Results: Fifty-eight articles were included in the final review. Patient feedback was mostly collected using qualitative tools, which seem more likely to be child-friendly. Quantitative methodologies were shown to be more suitable for standardised and systematic patient experience feedback collection initiatives. The findings indicate a scarcity of innovative tools and gamified techniques, which in turn suggests new potential areas of research by combining qualitative and quantitative methods.
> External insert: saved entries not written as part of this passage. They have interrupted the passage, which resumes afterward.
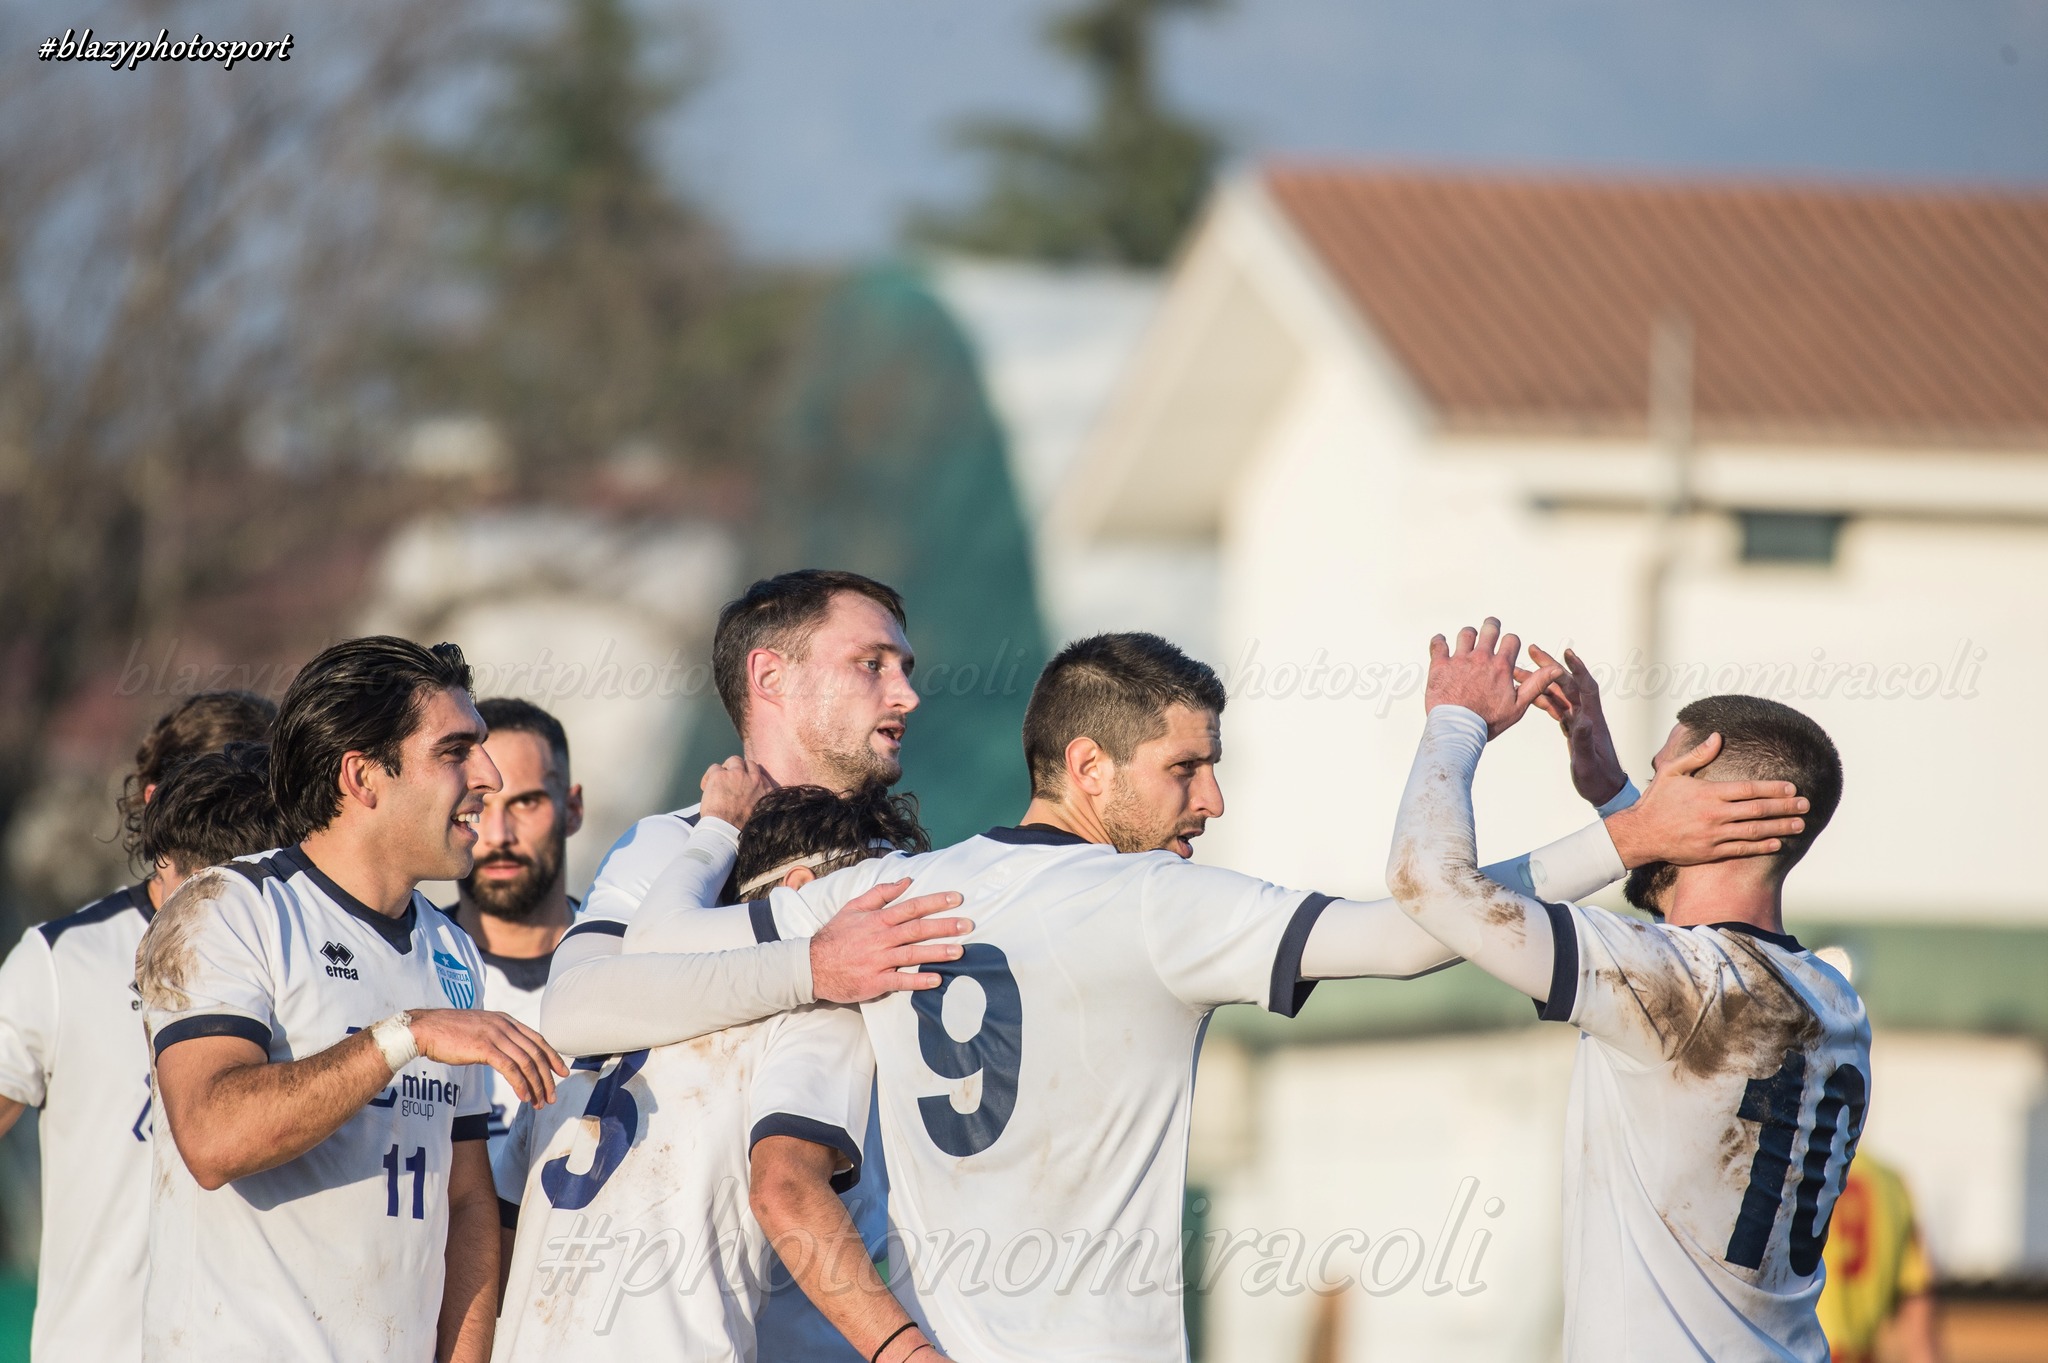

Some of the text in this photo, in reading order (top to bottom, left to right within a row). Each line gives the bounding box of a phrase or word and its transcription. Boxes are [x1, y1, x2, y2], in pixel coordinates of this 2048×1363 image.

[325, 965, 359, 981] errea
[401, 1099, 435, 1121] group
[910, 942, 1023, 1158] 9
[382, 1143, 426, 1220] 11
[540, 1048, 652, 1211] 3
[1725, 1049, 1867, 1278] 10
Feedback from paediatric patients was collected regarding different aspects of the patient experience. Physical environment and pain management emerge as crucial aspects of the patient experience with hospitalisation, despite the intensive relational service. There is a germinal trend for co-design. Most of the analysed papers only discuss future and potential quality and performance implications of the patient experience feedback collection initiative, opening to questions on its actual impact on outcomes. Mostly sporadic experiences are reported, rather than systematic initiatives of feedback collection.
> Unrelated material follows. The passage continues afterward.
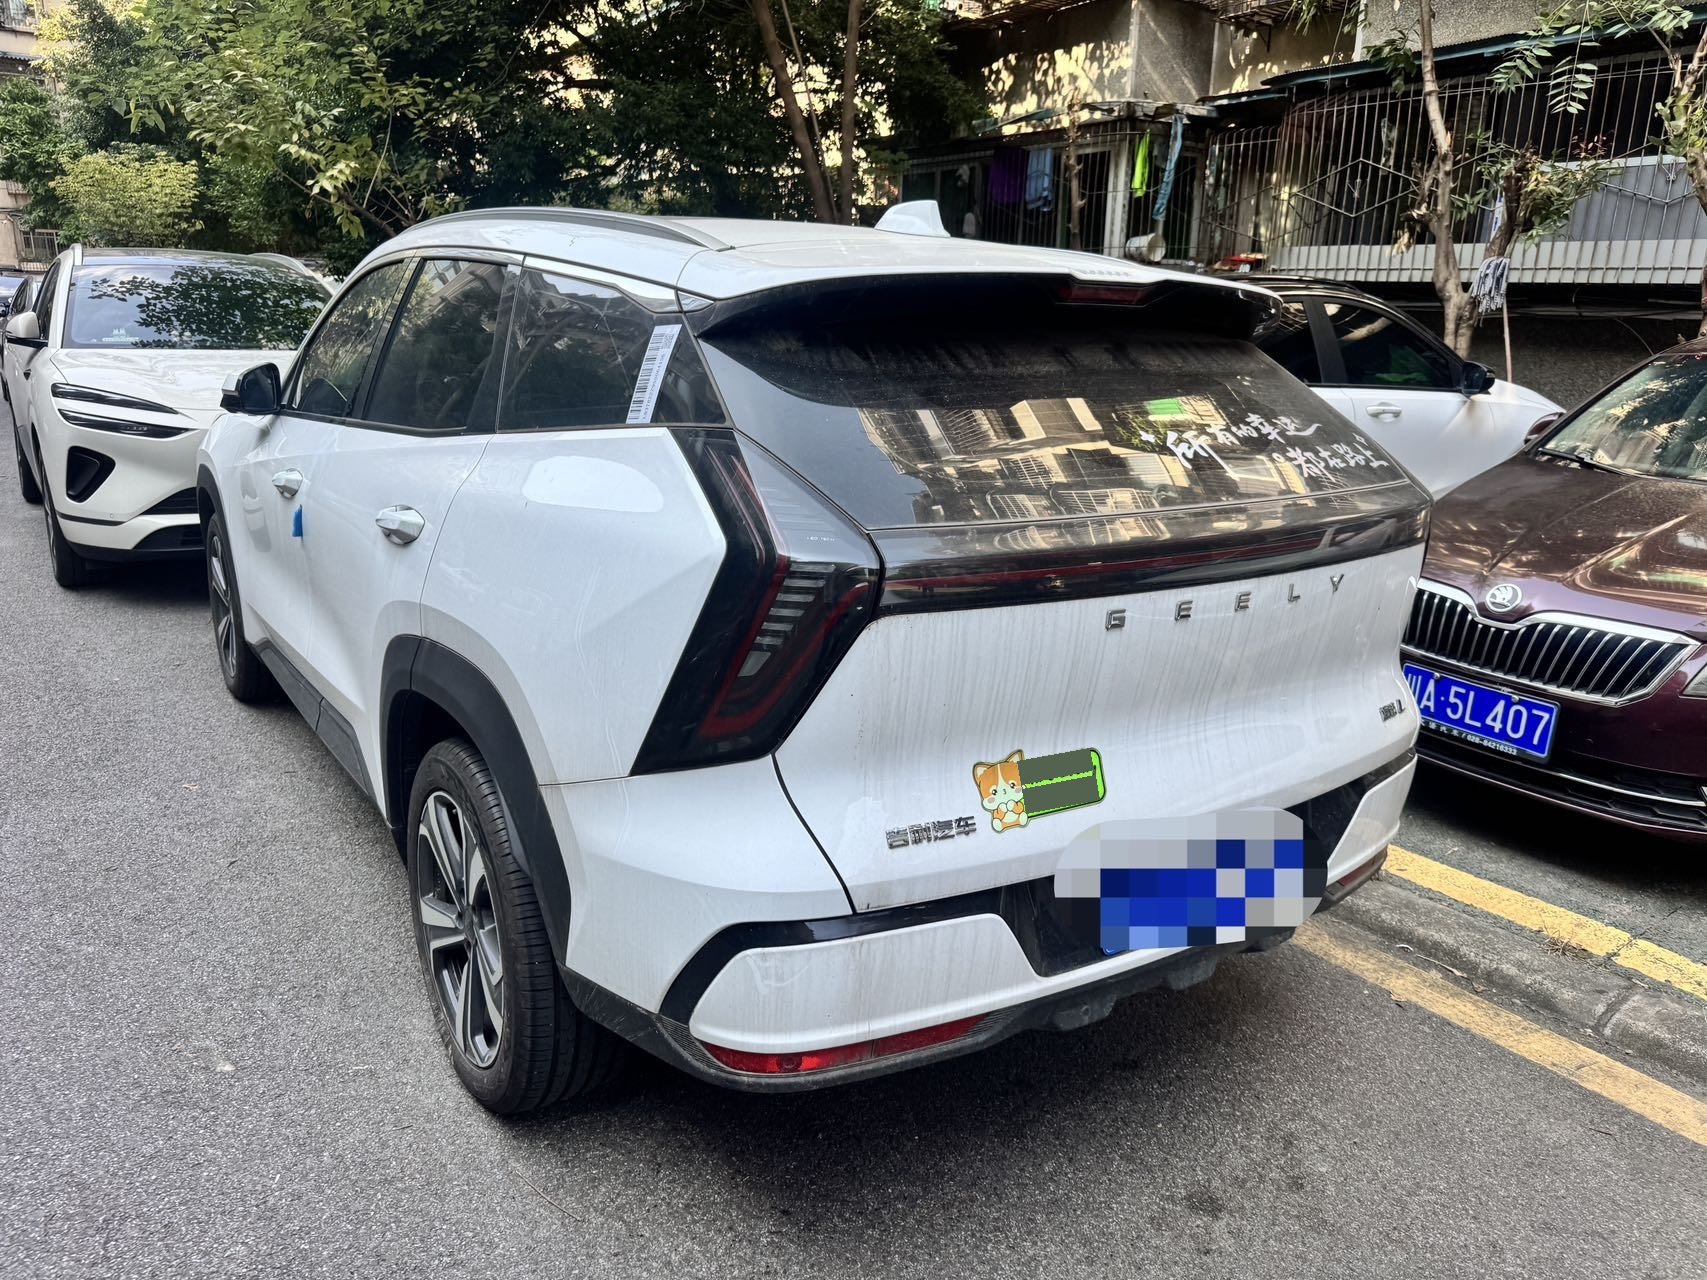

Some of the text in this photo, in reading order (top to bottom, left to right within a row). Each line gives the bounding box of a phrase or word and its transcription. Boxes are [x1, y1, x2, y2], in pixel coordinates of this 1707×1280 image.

Conclusions: This study contributes to systematising the topic of children and adolescents' involvement in evaluating their hospitalisation experience. The findings provide insights regarding the approaches service providers can take to encourage vulnerable patients' direct participation in the evaluation of healthcare services and inform directions for future research.
背景:尽管患者体验是医疗保健管理中的一个重要主题,但大多数研究并未集中于针对经历脆弱性的患者的举措,因为对这些患者来说,为反馈收集过程做出贡献是具有挑战性的。在医疗保健方面,儿童和青少年可被视为易受伤害的患者群体,特别是在住院等敏感时期。目的是提供对病人的经验收集倡议的研究概况,由医疗保健服务提供者使用,以促进儿童和青少年参与评估他们的住院经验。该研究试图确定这些方法是否存在,它们是如何构建的,以及它们对服务的影响。方法:本研究基于系统的文献综述。我们通过Scopus、ISI Web of Science和PubMed检索了1498篇文章。为了保证透明度和可复制性,我们遵守了PRISMA准则。分析的重点是不同提供者为使儿童和青少年参与对其住院经验的评价而采用的方法的主要要素,包括反馈收集倡议所针对的患者的特点、保健提供者所采用的方法和工具、要求提供反馈的患者经验的不同方面、倡议的共同设计、对质量和绩效的影响。结果:58篇文章被纳入终评。患者反馈主要是使用定性工具收集的,这似乎更有可能是儿童友好的。定量方法被证明更适合标准化和系统化的患者经验反馈收集倡议。研究结果表明,缺乏创新工具和游戏化技术,这反过来又提出了结合定性和定量方法的新的潜在研究领域。收集了儿科患者关于患者体验的不同方面的反馈。尽管有密集的关系服务,但物理环境和疼痛管理成为患者住院体验的关键方面。协同设计的趋势正在萌芽。大多数分析的论文只讨论了患者体验反馈收集计划的未来和潜在的质量和性能影响,对其对结果的实际影响提出了疑问。报告的大多是零星的经验,而不是系统地主动收集反馈。结论:本研究有助于将儿童和青少年参与评估其住院经历的主题系统化。研究结果为服务提供者可以采取的方法提供了见解,以鼓励弱势患者直接参与医疗保健服务的评估,并为未来的研究方向提供了信息。
期刊介绍:
BMC Health Services Research is an open access, peer-reviewed journal that considers articles on all aspects of health services research, including delivery of care, management of health services, assessment of healthcare needs, measurement of outcomes, allocation of healthcare resources, evaluation of different health markets and health services organizations, international comparative analysis of health systems, health economics and the impact of health policies and regulations.